▸ Task to carry out
One exact copy of the listing is needed. It should contain no pictures.

****

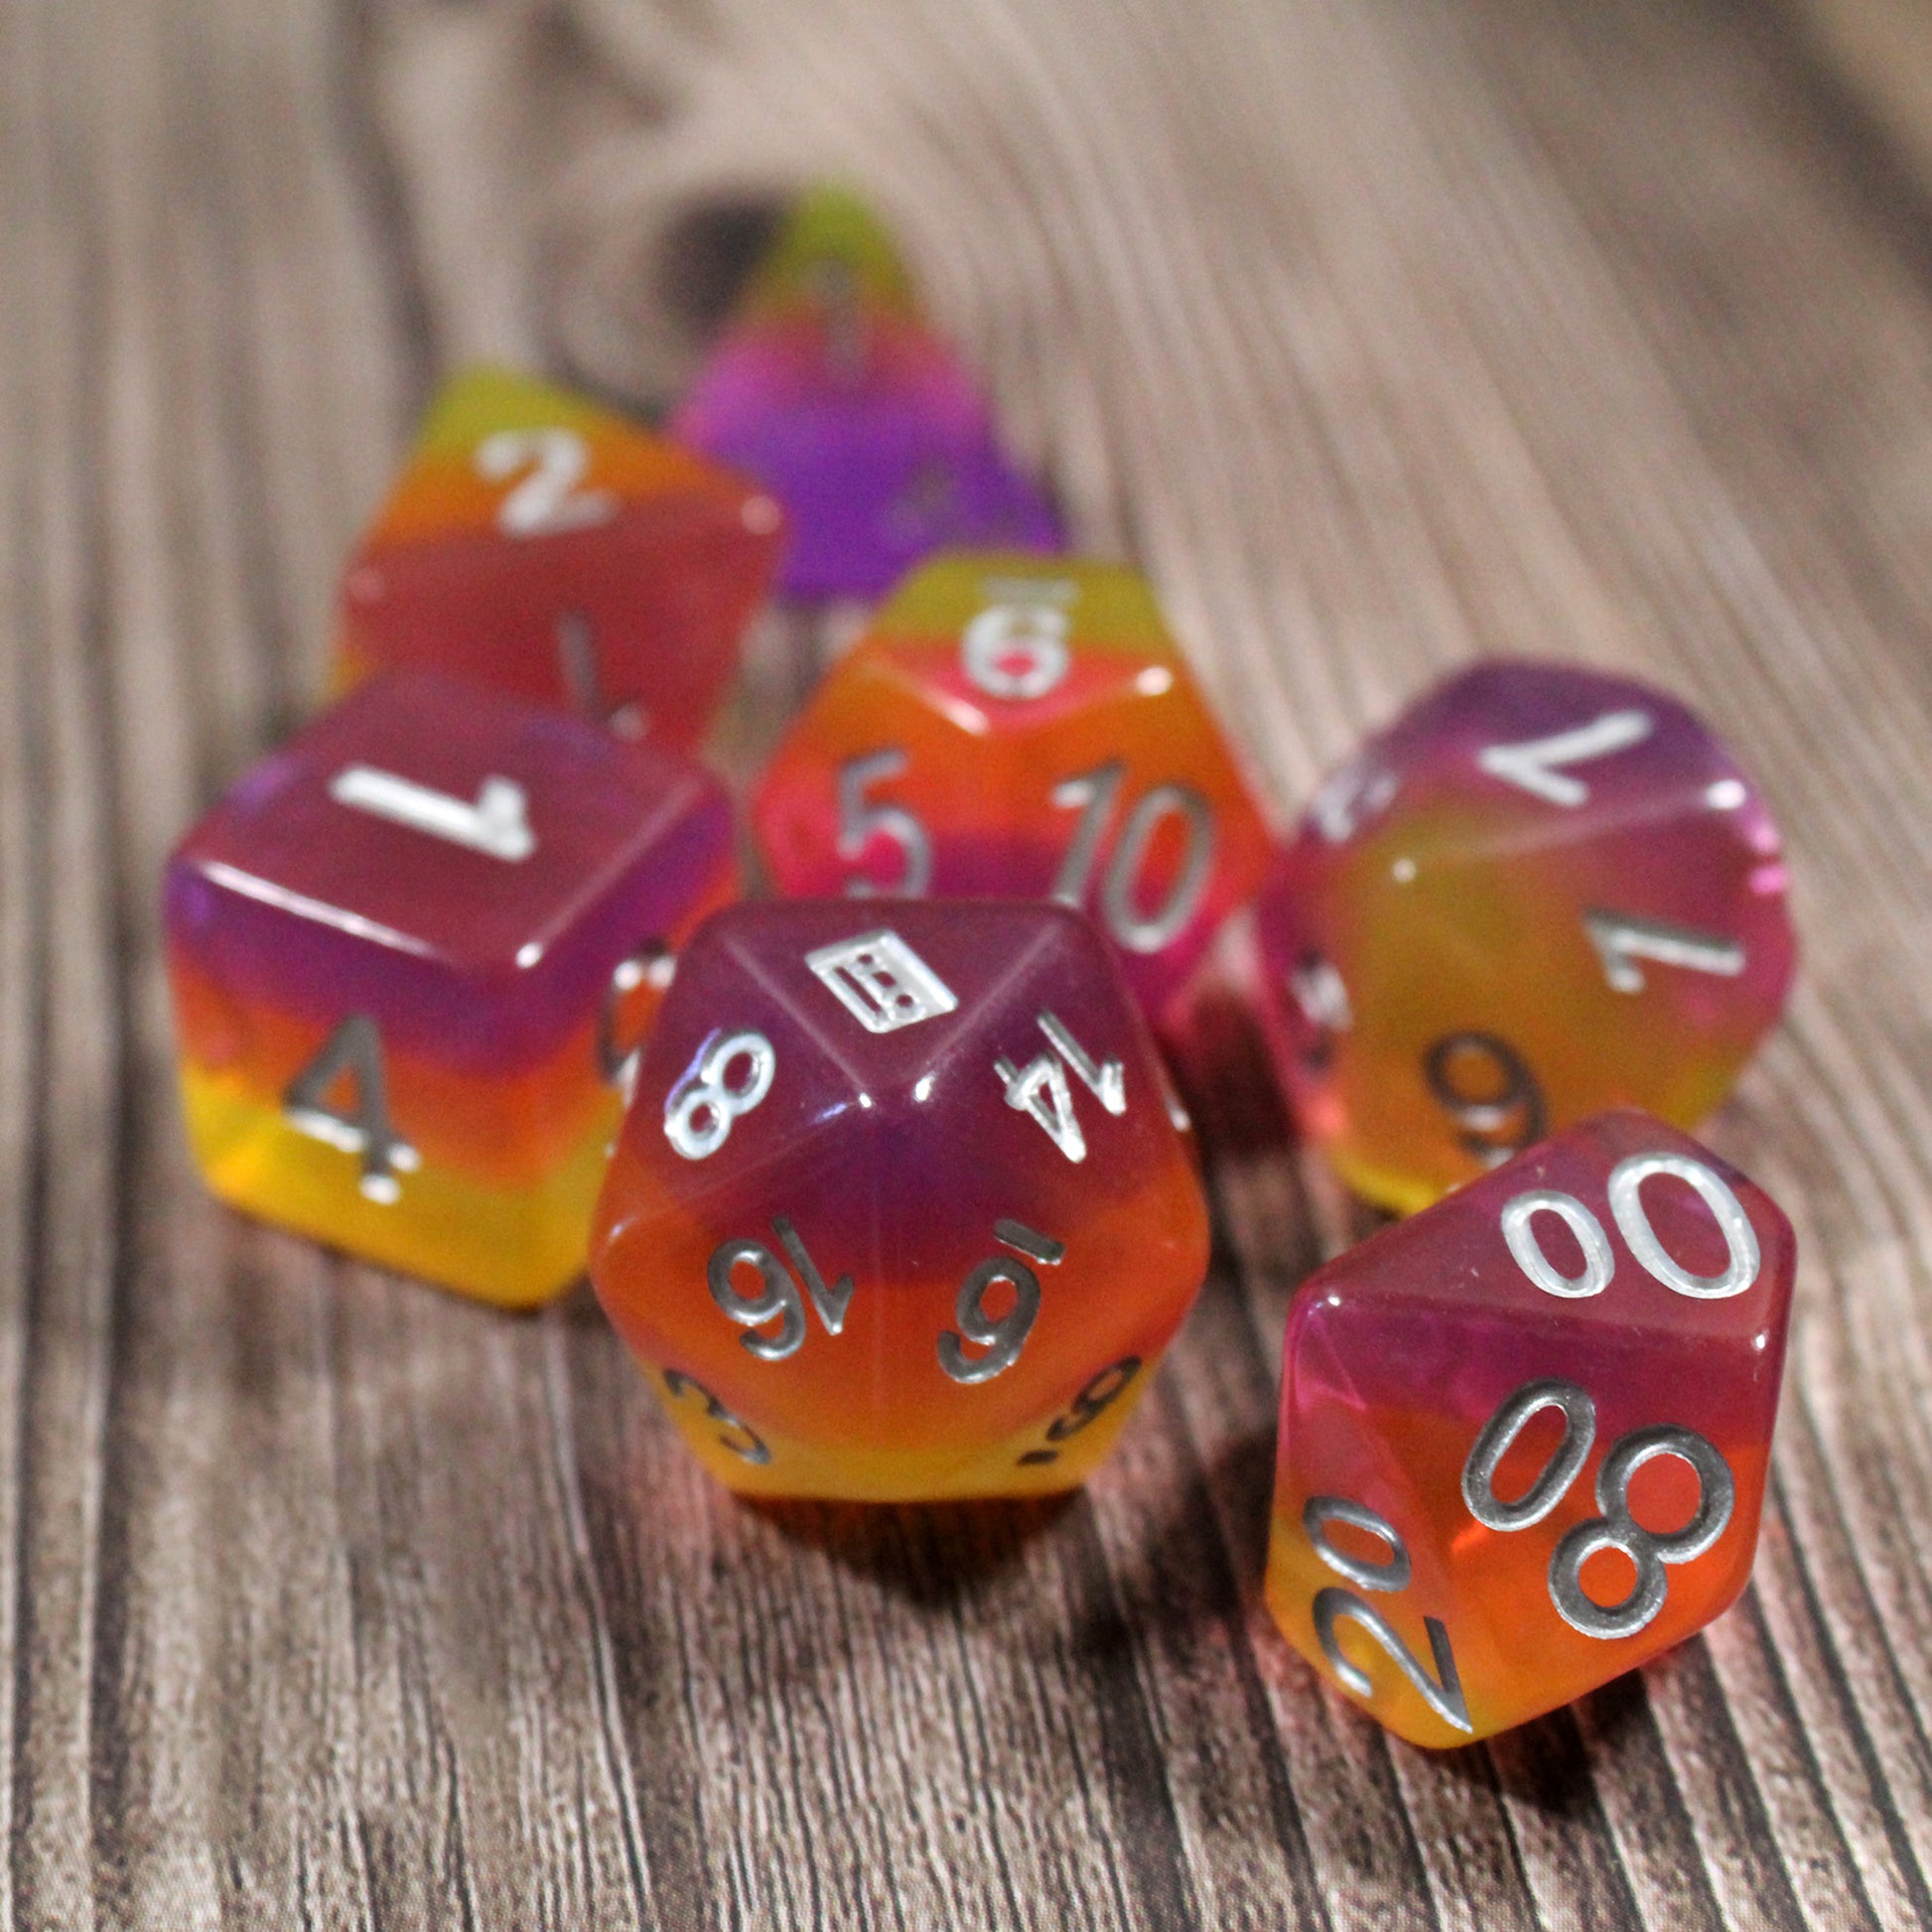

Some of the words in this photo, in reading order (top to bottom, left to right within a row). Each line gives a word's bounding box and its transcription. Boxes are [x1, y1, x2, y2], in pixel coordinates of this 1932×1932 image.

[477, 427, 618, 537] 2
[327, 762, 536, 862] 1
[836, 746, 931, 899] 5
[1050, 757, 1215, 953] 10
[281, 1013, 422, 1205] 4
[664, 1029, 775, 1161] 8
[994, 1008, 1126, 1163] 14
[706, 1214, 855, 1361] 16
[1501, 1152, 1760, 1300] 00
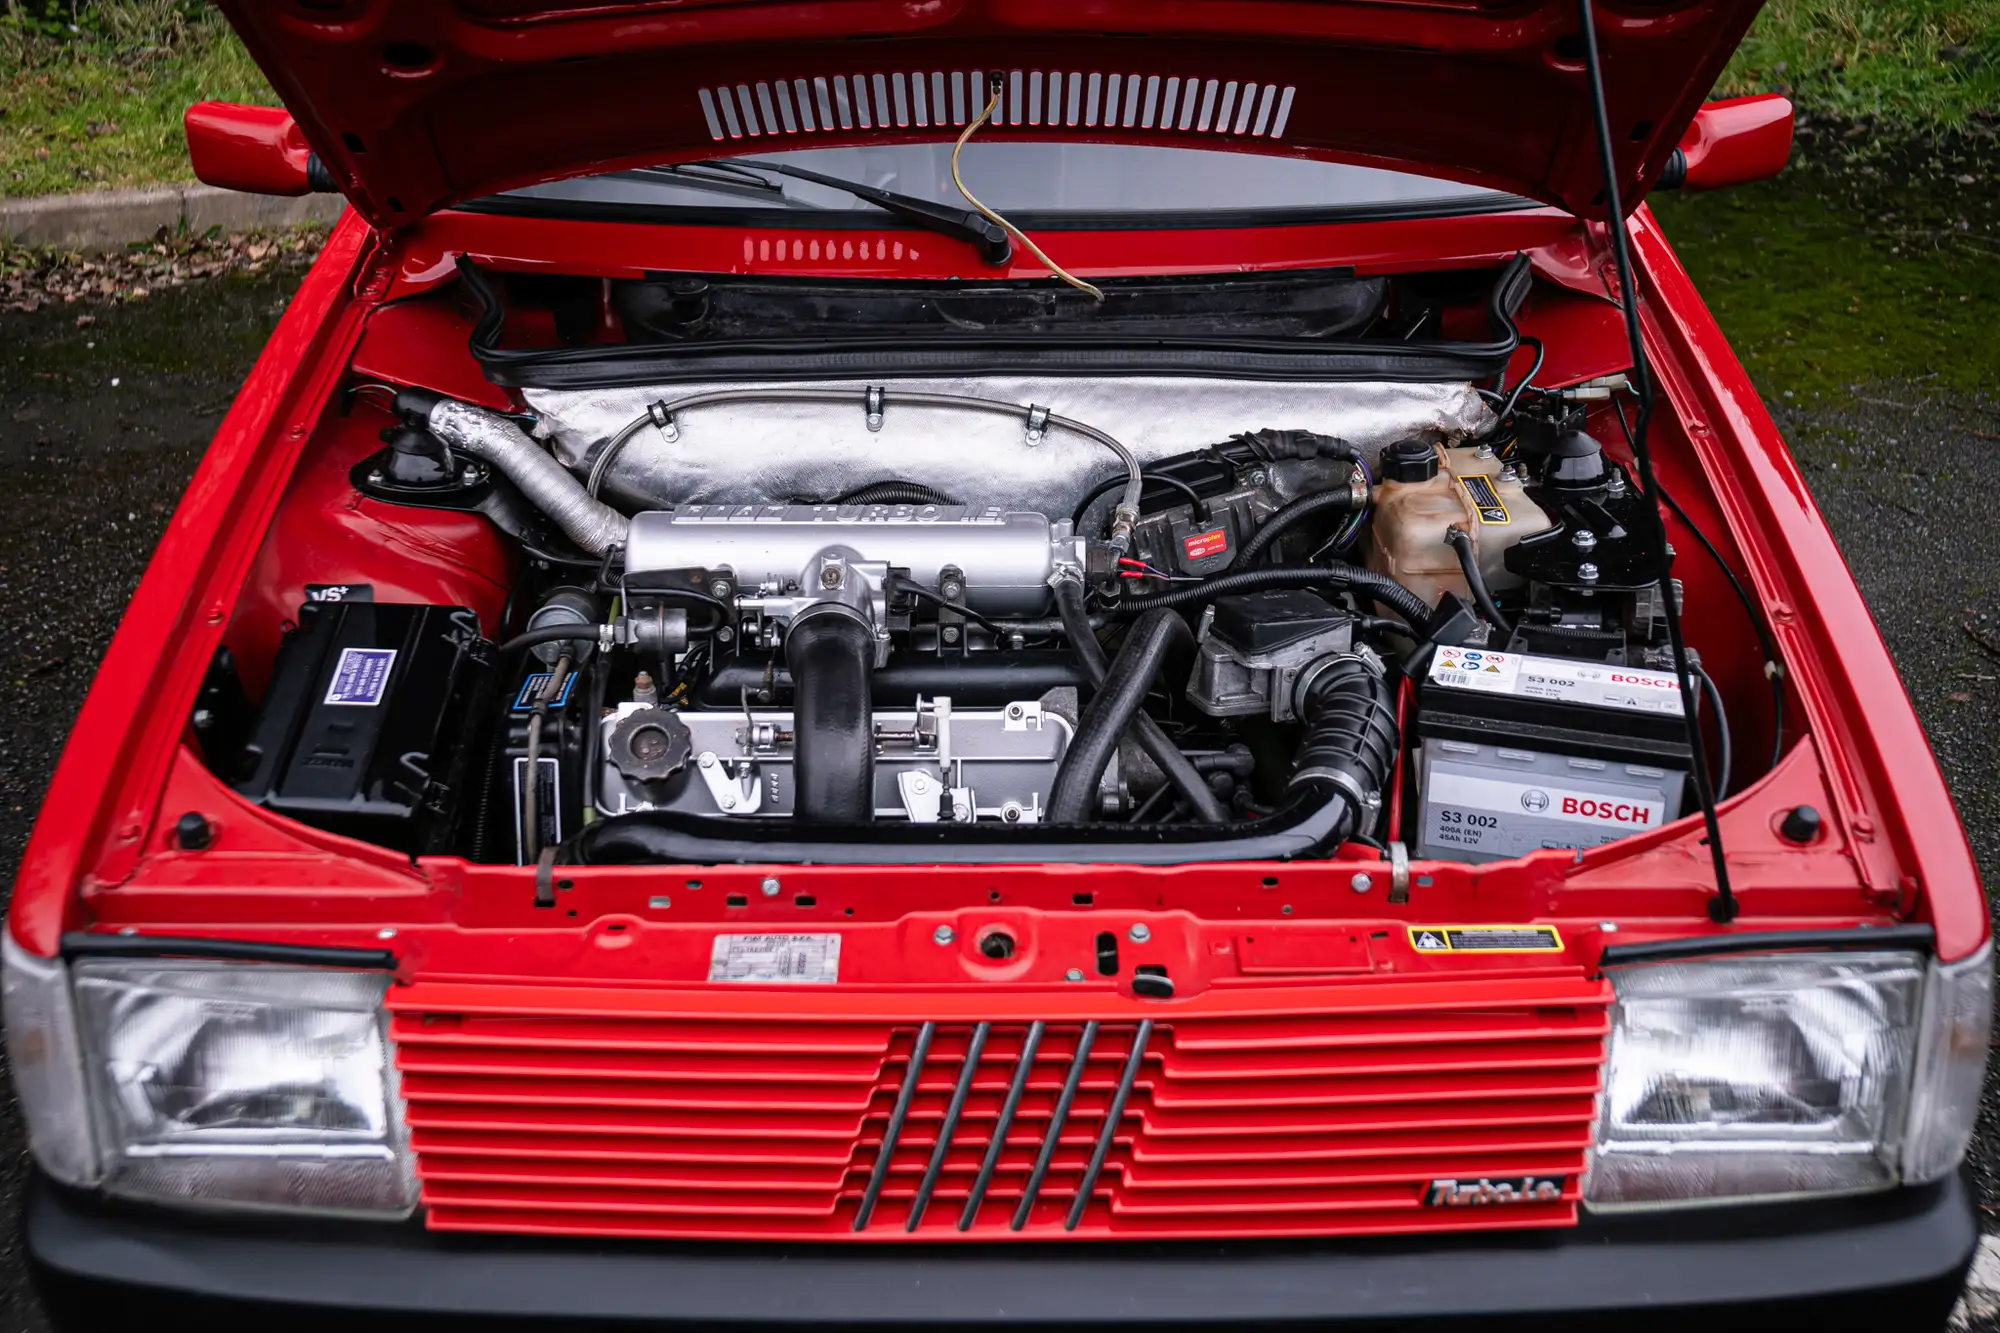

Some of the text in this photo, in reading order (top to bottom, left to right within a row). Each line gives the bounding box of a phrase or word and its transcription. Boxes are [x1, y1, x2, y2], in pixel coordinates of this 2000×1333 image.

****

▸ Task solution
Some of the words in this photo, in reading order (top to bottom, left to right within a row). Each line gives a word's bounding box and its transcription. Boxes are [x1, y1, x2, y2], in pixel coordinates of this 1932×1932 image.

[477, 427, 618, 537] 2
[327, 762, 536, 862] 1
[836, 746, 931, 899] 5
[1050, 757, 1215, 953] 10
[281, 1013, 422, 1205] 4
[664, 1029, 775, 1161] 8
[994, 1008, 1126, 1163] 14
[706, 1214, 855, 1361] 16
[1501, 1152, 1760, 1300] 00

Some of the text in this photo, in reading order (top to bottom, left to right within a row). Each line gives the bounding box of a phrase or word and its transcription. Boxes are [x1, y1, x2, y2], in pixel coordinates of this 2000×1333 image.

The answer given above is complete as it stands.